CLARA R. FORNER
Los índices de evolución real de la actividad empresarial y comercial de Alicante durante el tercer trimestre de este año y de confianza empresarial revelan datos francamente negativos para la ciudad, pues se sitúan en -11,74% y en un -2,89%, respectivamente.
El presidente de la Agencia Local de Desarrollo, Juan Seva, y el profesor del departamento de Organización de Empresas de la Universidad de Alicante, Jorge Valdés Conca, ofrecieron ayer estos datos al presentar el informe del Observatorio Empresarial y Comercial, que analiza la actualidad económica de Alicante por sectores productivos, estudiando las cifras de negocio, empleos, inversiones, precios y costes totales.
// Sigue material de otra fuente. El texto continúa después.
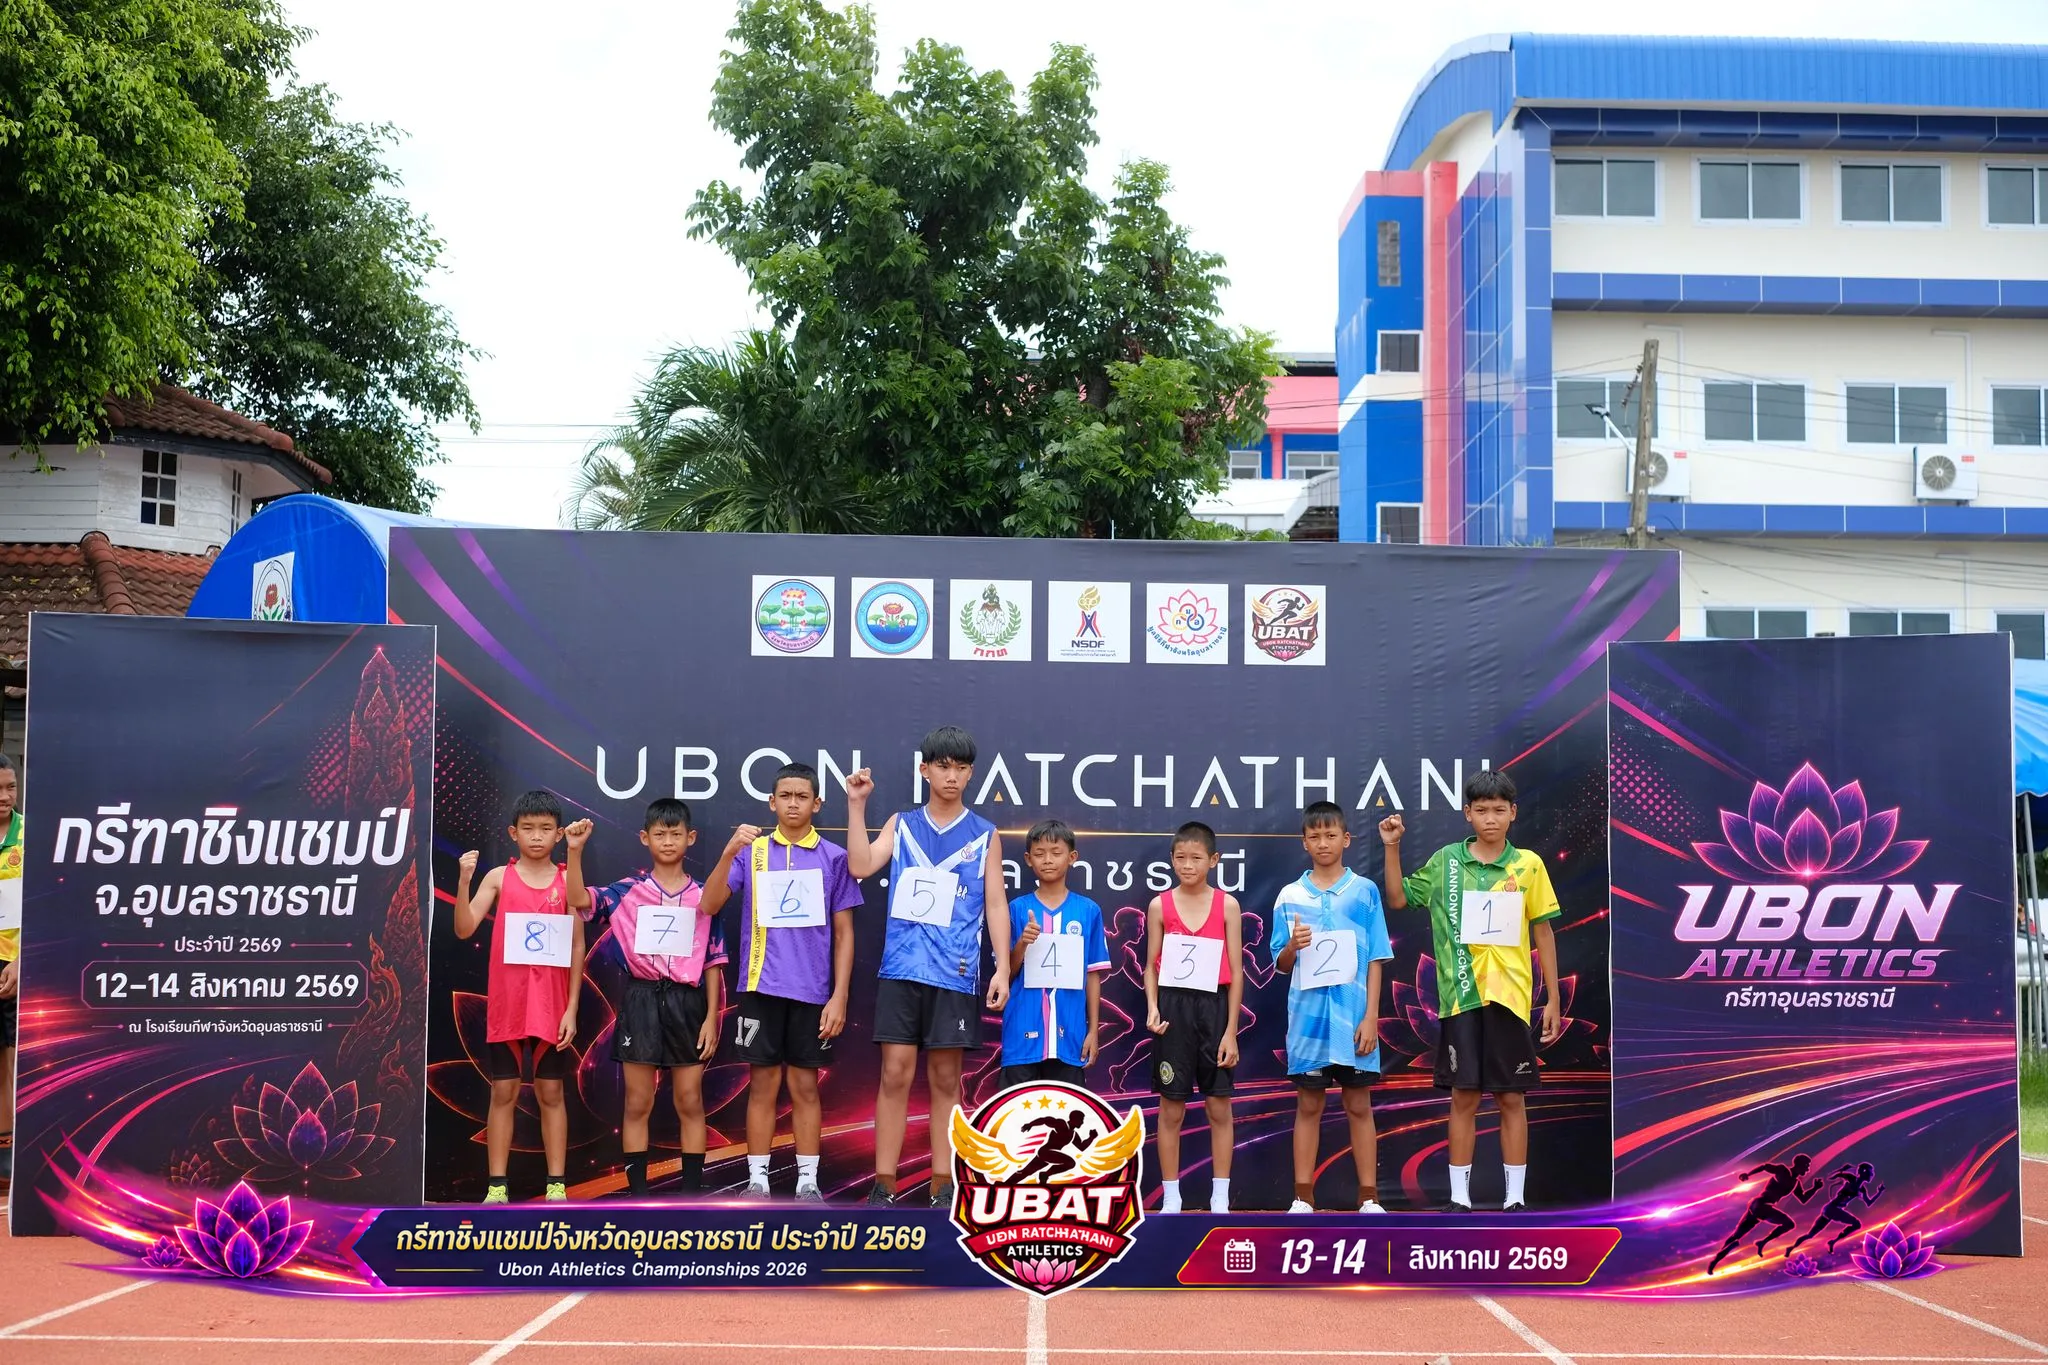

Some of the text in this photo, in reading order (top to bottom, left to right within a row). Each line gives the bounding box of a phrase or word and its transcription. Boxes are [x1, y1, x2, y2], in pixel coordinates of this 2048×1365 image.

[1071, 640, 1105, 648] NSDF
[1257, 625, 1314, 640] UBAT
[596, 745, 1490, 811] UBON ATCHATHAN
[53, 802, 411, 866] กรีฑาชิงแชมป์
[95, 874, 359, 928] จ.อุบลราชธานี
[780, 879, 801, 914] 6
[910, 879, 937, 918] 5
[1674, 883, 1963, 942] UBON
[652, 914, 679, 945] 7
[1481, 899, 1502, 935] 1
[174, 935, 282, 953] ประจำปี 2569
[524, 920, 547, 952] 8
[1040, 941, 1062, 978] 4
[1173, 943, 1197, 981] 3
[1313, 938, 1340, 976] 2
[1456, 948, 1470, 998] SCHOOL
[1684, 948, 1950, 978] ATHLETICS
[189, 972, 286, 998] สิงหาคม
[295, 973, 360, 998] 2569
[1724, 985, 1896, 1013] กรีฑาอุบลราชธานี
[145, 1018, 323, 1036] โรงเรียนกีฬาจังหวัดอุบลราชธานี
[735, 1016, 761, 1048] 17
En todos los sectores la evolución real del trimestre ha sido inferior a la confianza que habían depositado en él los empresarios.
Por ejemplo, en hostelería y turismo, que es la que mejores resultados ha obtenido porque el estudio se refiere a los meses de verano, "las altas expectativas" que las empresas tenían (17 puntos) no se han vito cubiertas, pese a que se han mantenido en valores positivos con 11,33 puntos. Pero este dato supone un avance de 18 puntos porcentuales respecto al trimestre anterior, obteniendo unas cifras de negocios del 38%.
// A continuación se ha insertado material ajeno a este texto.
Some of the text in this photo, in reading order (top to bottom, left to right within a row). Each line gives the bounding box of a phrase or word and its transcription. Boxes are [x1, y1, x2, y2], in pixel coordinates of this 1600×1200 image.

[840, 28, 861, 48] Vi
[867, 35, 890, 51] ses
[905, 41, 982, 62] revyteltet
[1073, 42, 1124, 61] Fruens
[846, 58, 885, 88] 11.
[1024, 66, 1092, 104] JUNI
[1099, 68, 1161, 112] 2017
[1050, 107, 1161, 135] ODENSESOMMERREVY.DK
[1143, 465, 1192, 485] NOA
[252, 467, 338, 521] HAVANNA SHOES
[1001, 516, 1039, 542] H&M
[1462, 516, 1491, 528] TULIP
El comercio "ha sido, posiblemente, el sector más desfavorecido" pues, aunque su volumen de negocio ha mejorado respecto al segundo trimestre, "en términos generales las empresas no han visto cubiertas sus expectativas". De hecho, Jorge Valdés explicó que la construcción, que era el sector que más había acuciado la crisis, "ha dejado de ser el peor sector en términos relativos, al mejorar diez puntos porcentuales, mientras que el comercio ahora es el peor", pues se sitúa en el -17,11% frente a un -12,35%.
En la construcción ha habido cierta mejoría, sobre todo en las inmobiliarias, pero muchas constructoras que tienen proyectos con licencia no pueden relanzar las ventas por falta de préstamos bancarios.
La industria ha experimentado una ligera mejoría y el sector servicios se sigue caracterizando por su estabilidad. Lo curioso es que varias empresas han cambiado de actividad sin cambiar ni siquiera el nombre ni la dirección. Por ejemplo, señaló el profesor, una peluquería se ha reconvertido en una asesoría.